Cclinical studies on the effects of angiotensin-converting enzyme inhibitors support the central role of Angiotensin II, able to cause cardiovascular and renal diseases independently of its blood pressure elevating effects. The evaluation of cardiovascular adjustments to head-up tilt represents an easy method to test the ability of the reflex mechanisms to maintain blood pressure homeostasis and to assess the baroreflex by means of a natural stimulation. The present study was aimed at evaluating the effect(s) of three different pharmacological regimens on baroreflex sensitivity in uncomplicated essential hypertension, by means of continuos and non-invasive beat to beat heart rate and blood pressure measurements during head-up tilt. Thus, an ACE-inhibitor monotherapy (trandolapril, 2 mg/day), an angiotensin AT1-receptor antagonist monotherapy (irbesartan, 300 mg/day), their low-dose combination (0.5 mg/day plus 150 mg/day, respectively) and placebo were given, in a randomized, single-blind, crossover fashion for a period of three weeks each to twelve mild essential hypertensives (6 females, mean age 42 ± 1 years).
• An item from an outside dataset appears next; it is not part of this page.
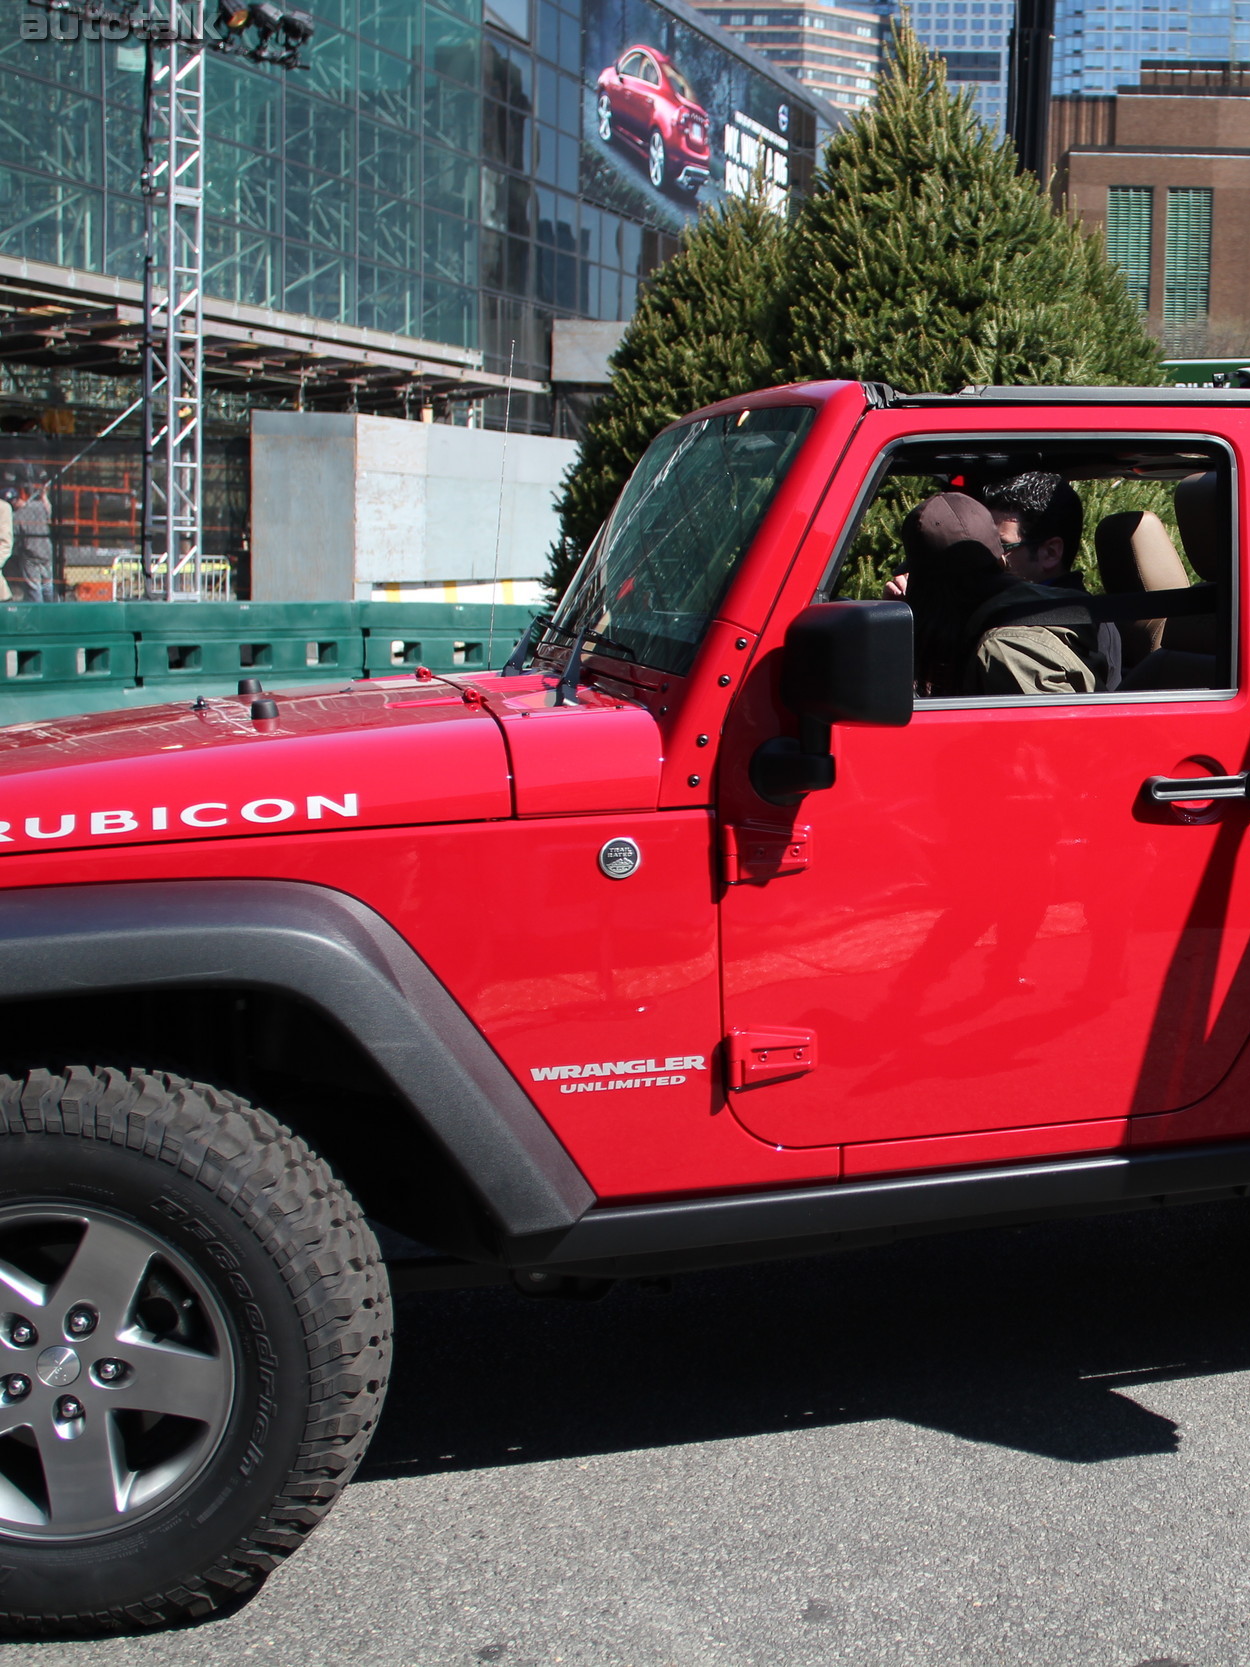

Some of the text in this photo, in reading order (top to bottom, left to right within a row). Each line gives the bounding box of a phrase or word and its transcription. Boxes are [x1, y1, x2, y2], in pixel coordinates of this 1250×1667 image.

A 60° head-up tilt test was performed at the end of each drug period and norepinephrine plasma levels were measured. Baroreflex function measured with the “tilting method” was calculated as the slope of the linear regression line relating systolic blood pressure changes to RR changes during upward and downward phases of tilting, respectively. The low-dose combination therapy induced the greatest reduction in blood pressure, in the resting as well as in the tilted position, associated with an increased slope in the baroreflex sensitivity. Norepinephrine plasma levels were lower after combined therapy (Table). Our results suggest that in mild essential hypertension, the low dose combination is associated with an improved baroreflex sensitivity as well as a reduction in both blood pressure and sympathetic drive (as inferred by the reduced values of norepinephrine). Thus, the combined interruption of the RAS system may be a more effective strategy to reduce cardiovascular risk.